▸ **Exercise requirements**
I'd like the records transcribed exactly, leaving the images out.
+++++
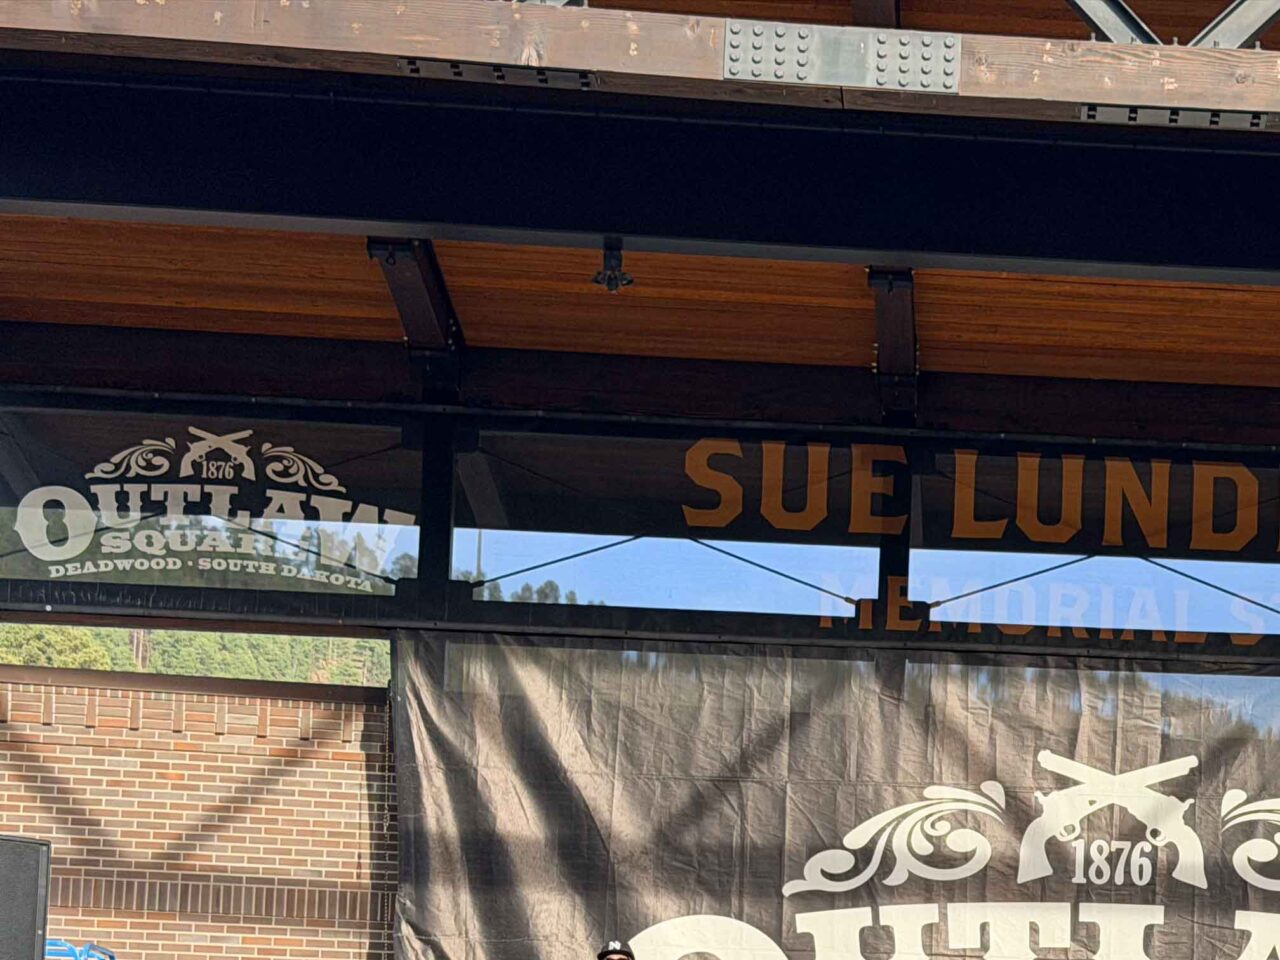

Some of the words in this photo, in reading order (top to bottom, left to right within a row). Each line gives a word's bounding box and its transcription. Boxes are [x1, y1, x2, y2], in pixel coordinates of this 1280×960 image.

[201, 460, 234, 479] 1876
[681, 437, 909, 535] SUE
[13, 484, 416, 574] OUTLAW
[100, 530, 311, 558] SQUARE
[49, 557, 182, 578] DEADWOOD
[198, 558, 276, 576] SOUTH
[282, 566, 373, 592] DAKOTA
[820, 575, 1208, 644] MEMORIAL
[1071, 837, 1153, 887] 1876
+++++
▸ **Solution to this problem**
Some of the words in this photo, in reading order (top to bottom, left to right within a row). Each line gives a word's bounding box and its transcription. Boxes are [x1, y1, x2, y2], in pixel coordinates of this 1280×960 image.

[201, 460, 234, 479] 1876
[681, 437, 909, 535] SUE
[13, 484, 416, 574] OUTLAW
[100, 530, 311, 558] SQUARE
[49, 557, 182, 578] DEADWOOD
[198, 558, 276, 576] SOUTH
[282, 566, 373, 592] DAKOTA
[820, 575, 1208, 644] MEMORIAL
[1071, 837, 1153, 887] 1876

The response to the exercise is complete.